Here's the problem: we keep making AI context windows bigger. 100k tokens. 1 million. 10 million. The marketing numbers sound impressive, but there's a dirty secret nobody talks about at conferences. The effective context length, what the model actually understands and reasons over, lags way behind those flashy numbers.
You can shove an entire library into the prompt. The model will still get "lost in the middle." It'll hallucinate. It'll confuse details from page one with facts from page ten thousand. We call this phenomenon context rot, and it's been the elephant in the room for anyone building serious AI applications.
Then a paper dropped from MIT CSAIL in late December 2025 that made me sit up straight: "Recursive Language Models" by Alex Zhang, Tim Kraska, and Omar Khattab. It proposes something elegantly counterintuitive. Instead of making the brain bigger, teach it how to take notes.
The Ten Million Page Book Problem
Let me paint you a picture. Imagine someone hands you a book. Not a novel. Not a pamphlet. A book that is ten million pages long. Now I ask you to find one specific sentence about a red bicycle on page four million, two hundred thousand.

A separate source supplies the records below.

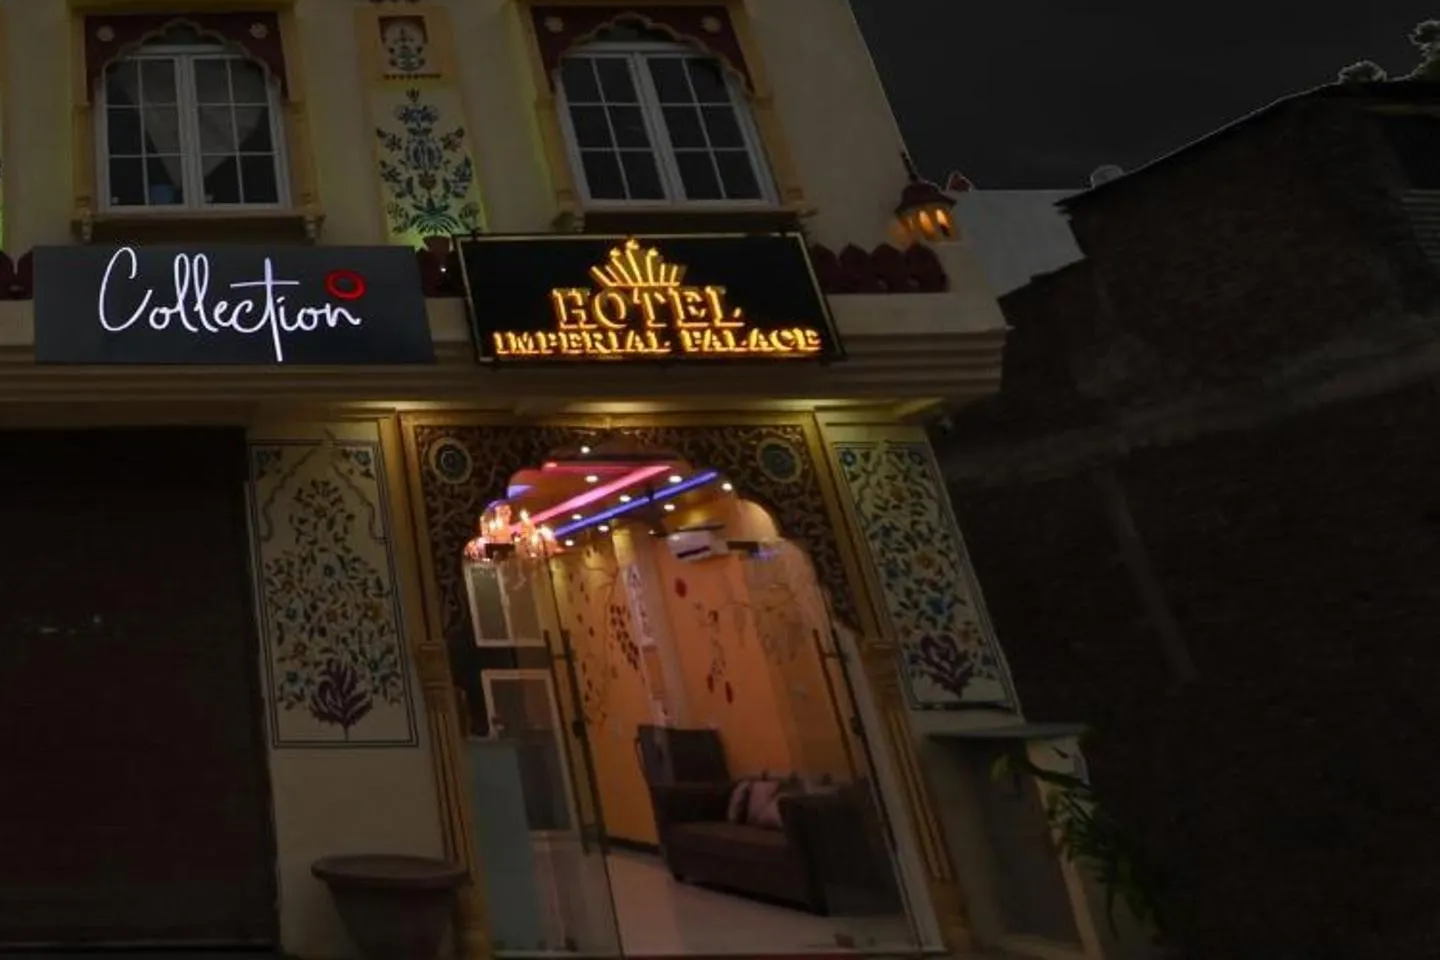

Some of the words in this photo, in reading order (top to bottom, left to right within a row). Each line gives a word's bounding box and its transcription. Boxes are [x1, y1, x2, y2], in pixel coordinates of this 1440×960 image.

[99, 247, 362, 362] Collection
[550, 285, 746, 330] HOTEL
[492, 329, 672, 356] IMPERIAL
[678, 327, 824, 354] PALACE
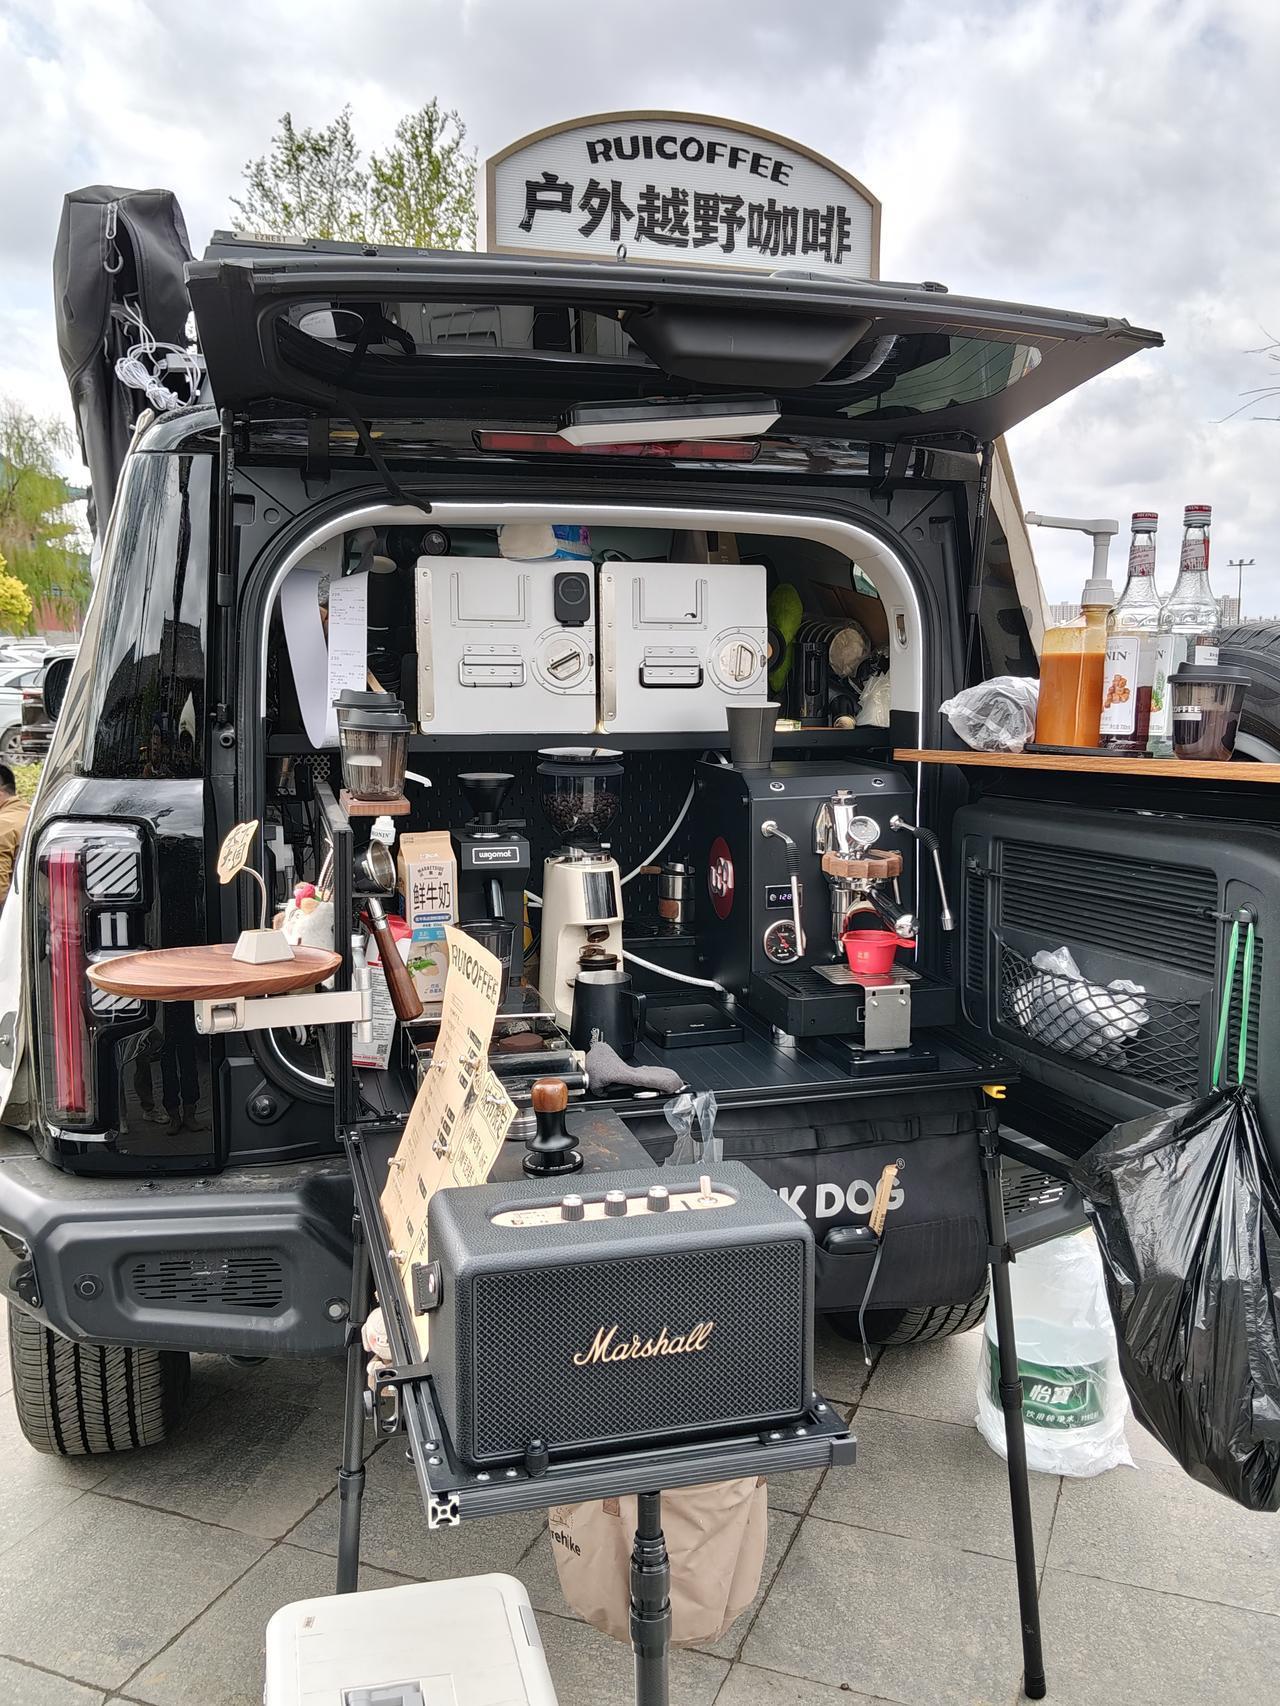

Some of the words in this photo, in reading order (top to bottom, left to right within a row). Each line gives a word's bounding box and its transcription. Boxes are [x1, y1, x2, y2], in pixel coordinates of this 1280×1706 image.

[586, 135, 794, 187] RUICOFFEE
[518, 171, 852, 265] 户外越野咖啡
[1172, 705, 1201, 713] OFFEE
[478, 849, 512, 860] wigomat
[413, 881, 451, 910] 鲜牛奶
[450, 943, 500, 1006] RUICOFFEE
[815, 1175, 905, 1219] DOG
[573, 1321, 715, 1366] Marshall

How would you approach this?
If you're a current AI model, you try to read the whole book at once. You shove all ten million pages into your short-term memory and pray nothing falls out. Spoiler: something always falls out. The more you cram in, the more confused you get. Your "attention" becomes diffuse, like trying to listen to a thousand people whispering simultaneously.
But if you're a human? You don't memorize the Library of Congress. You learn how to use the card catalog.

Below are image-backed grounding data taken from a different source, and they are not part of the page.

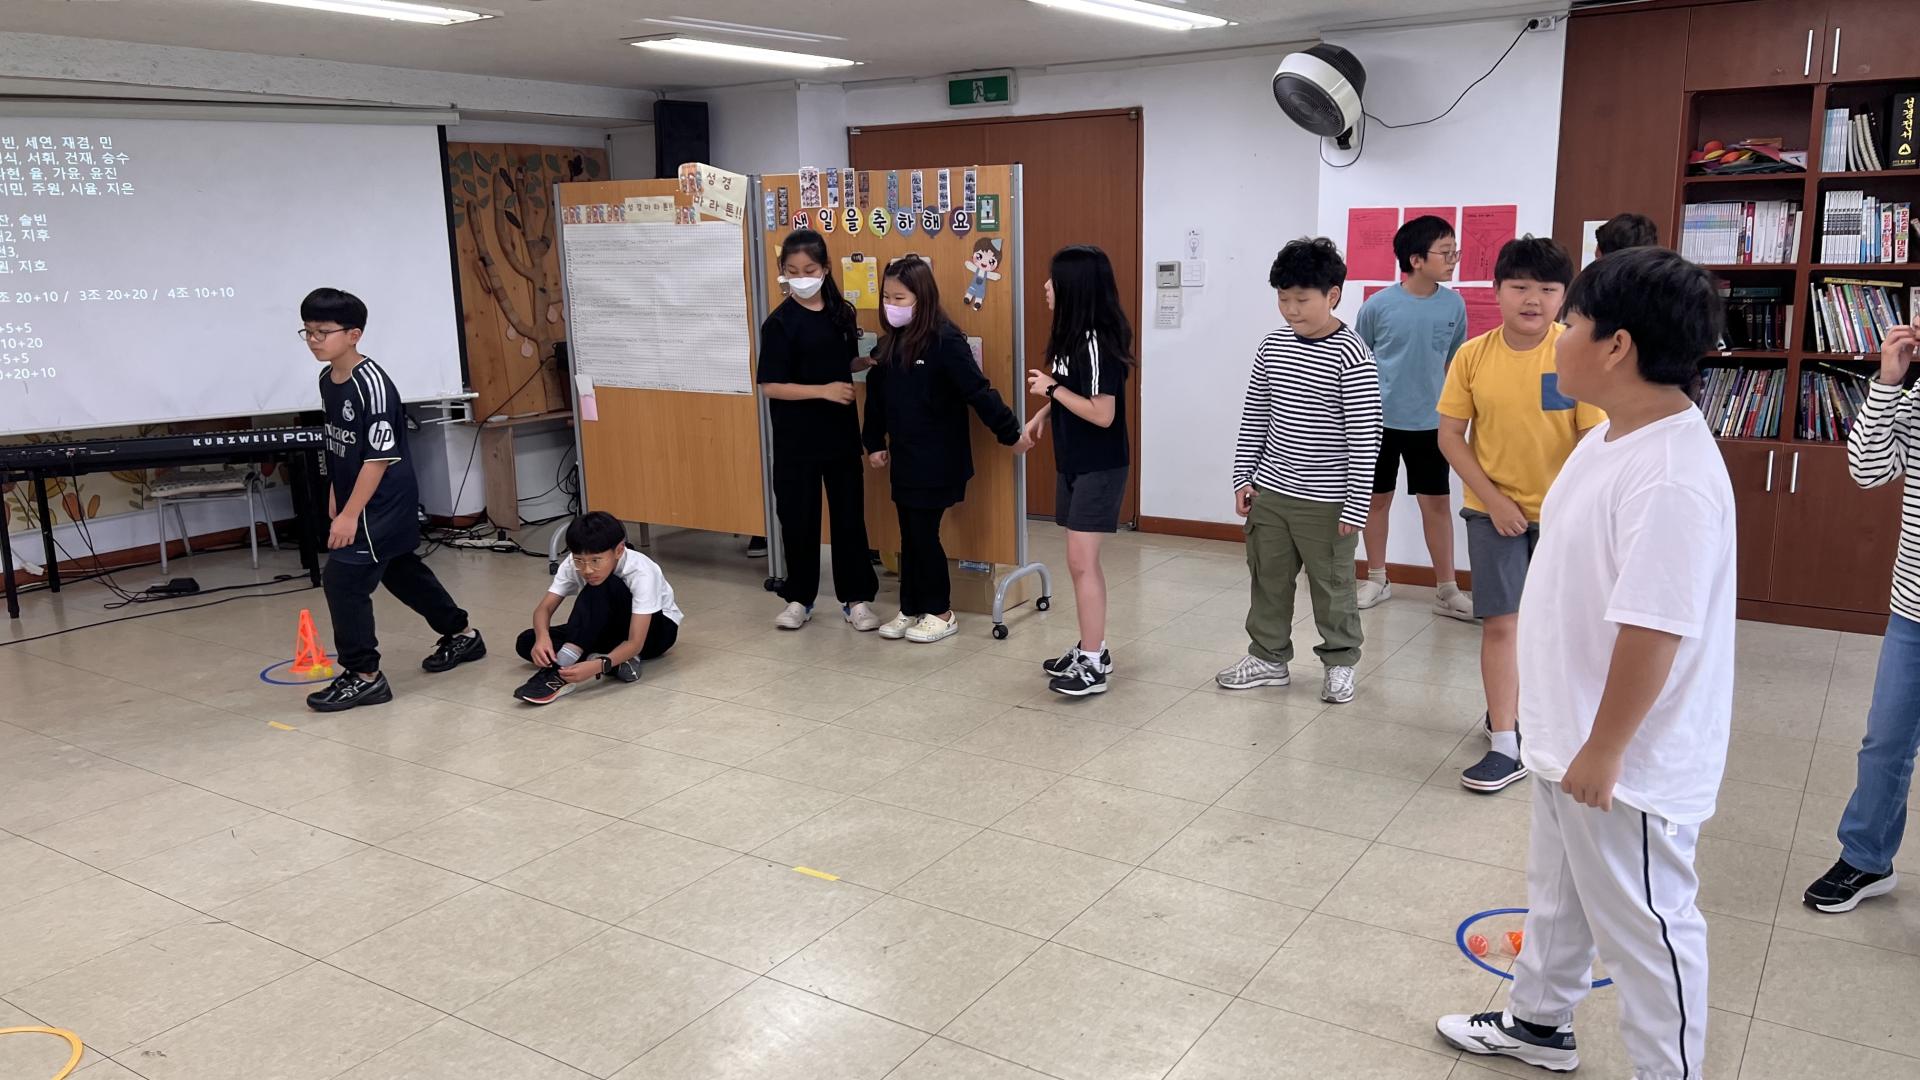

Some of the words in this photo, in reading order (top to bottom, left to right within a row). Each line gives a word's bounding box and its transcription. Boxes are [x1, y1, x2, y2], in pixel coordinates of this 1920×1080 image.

[25, 136, 57, 150] 세연,
[99, 136, 113, 150] 민
[0, 151, 22, 166] 식,
[101, 151, 130, 166] 승수
[53, 167, 85, 181] 가윤,
[89, 167, 117, 180] 윤진
[32, 182, 64, 196] 주원,
[107, 182, 135, 196] 지은
[21, 229, 50, 242] 지후
[19, 260, 48, 273] 지호
[16, 291, 58, 303] 20+10
[79, 289, 102, 301] 3조
[106, 289, 148, 301] 20+20
[167, 287, 190, 300] 4조
[195, 287, 235, 298] 10+10
[192, 434, 278, 447] KURZWEIL

This is the fundamental insight behind Recursive Language Models. What if the AI didn't have to read the whole book at once? What if it could write a computer program to open the book, navigate to the specific page, read just that paragraph, and then close it?
Treating Context Like a Variable, Not Like Memory
Here's where things get interesting. In the RLM paradigm, the massive text isn't fed directly into the neural network. Instead, it's stored as a variable in a Python REPL environment. The AI sees the variable name, not the content.
So if I have that ten-million-page book, the model knows: "I have a variable called context, and it contains a lot of text." The model never tries to hold all that text in its attention simultaneously. Instead, it writes code to interact with it.
# The AI might write something like this
chunk = context[4_000_000:4_200_000] # Grab a specific section
answer = search_for_keyword(chunk, "red bicycle")This is treating text processing like a data engineering task. And here's where the "Recursive" part comes in. The model can call itself, or a smaller, cheaper model, inside that loop.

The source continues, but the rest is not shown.